Smith started him in basketball; then he switched to track, where he placed first and second in multiple events.
"He learned how to cope emotionally through running. His attitude did a 180," Smith said. "He thanked me for not giving up on him, but I was just trying to facilitate what he needed to succeed."
Before the sports program and student contracts were put in place, the school experienced a large drop-out rate. The school saw a decrease in that rate after the changes. Administrators say Smith's willingness to go the extra mile is invaluable.
"She is always dedicated to her extracurricular activities," said Shaw. "She takes the responsibility to the next level in assuring that the students are well prepared and knowledgeable of the activity."
Although her sports programs have had a clear impact, Smith extends that same dedication to students outside of sports. She was once contacted by a 13-year-old girl who had not been attending school. When Smith spoke with her, she learned that the young girl had run away from home and was pregnant, after being sexually assaulted by her abusive step-father.
"She called the school and asked to speak with me," Smith said. "I got her into a shelter for pregnant teens who have been thrown out. I bought some toiletries and clothing. The shelter has health care and items in-house to allow the young teens to get the care they need and help them stay educated."

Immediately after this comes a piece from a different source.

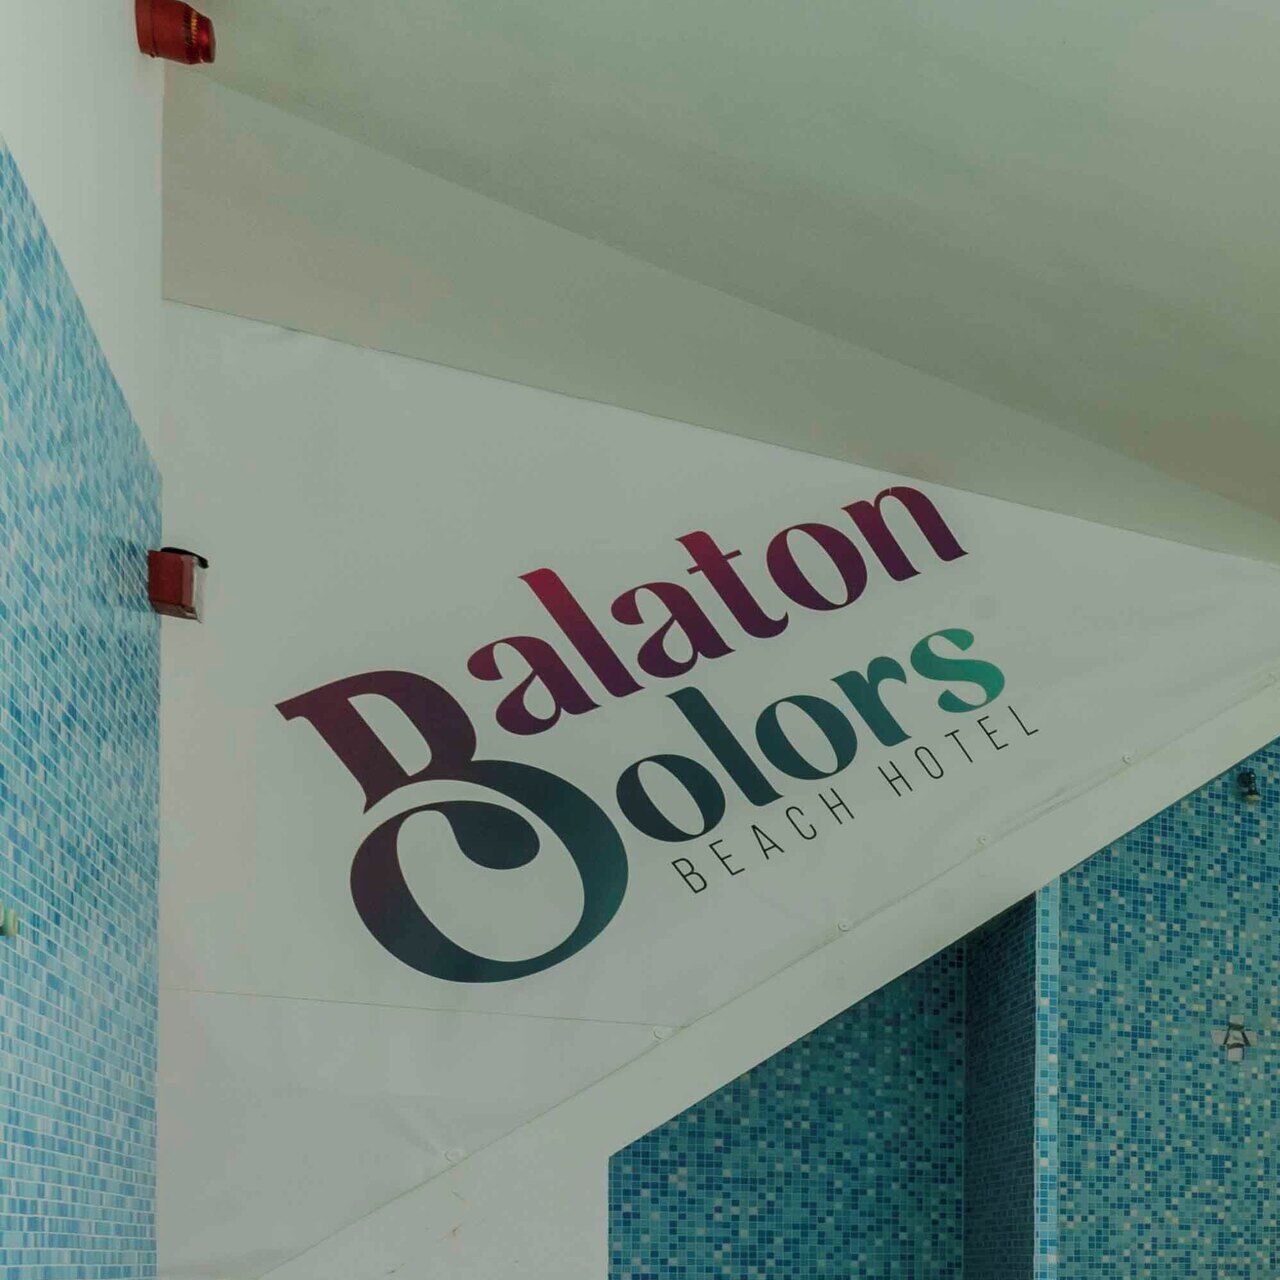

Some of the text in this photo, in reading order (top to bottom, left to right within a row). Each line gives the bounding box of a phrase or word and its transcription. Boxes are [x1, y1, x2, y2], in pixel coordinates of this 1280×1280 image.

[275, 487, 968, 814] Balaton
[350, 629, 1005, 983] Colors
[671, 705, 1039, 894] BEACH HOTEL

The young girls' willingness to approach Smith reveals a trait that others in the Missouri Air Guard have seen in Smith as well.
"Senior Airman Smith is down-to-earth, knowledgeable, approachable and respected," said Chief Master Sgt. Jessica Settle, 131st Bomb Wing command chief and former MDG superintendent. "She is an exceptional Airman. She is well-respected throughout the wing for her work ethic, professional attitude and personal integrity.
"She is an advocate for the enlisted force as well as improving programs and processes, and she is not afraid to share those ideas with leadership," Settle added.
Smith was recognized by the 131st MDG as Airman of the Year twice in a row – a first in the MDG here.
Smith's wing leadership and school leadership agree that she has improved things no matter where she goes. She has improved the MDG's training program as the unit training manager and helped with the wing-wide student flight program.
She has also improved student retention at Northeast. Smith has helped the school acquire free dental visits for the kids; there is now a dental clinic on site. She also reached out to a local Olympian to help coach volleyball. And, several of the children have benefited from free eyeglasses provided through a grant that Smith helped secure.
Smith's drive and dedication to succeed in both her full-time and Guard jobs comes from a long military upbringing. Smith's dad was in the Army. They moved around a lot, but she always had structure. She wants to instill that same structure and work ethic with those she works with in school and the 131st BW, said Smith.
"I've learned a lot about structure from the Air National Guard," Smith said. "It has taught me checks and balances, actions and consequences. These kids don't have that, so introducing those concepts has motivated them."
In fact, it has impacted the students so much that some of the teens she works with have even told Smith they intend to enlist.
"You live the Air Force core values, and I pride myself on that," said Smith. "The Air National Guard is in both parts of my life. It's not just a weekend for me."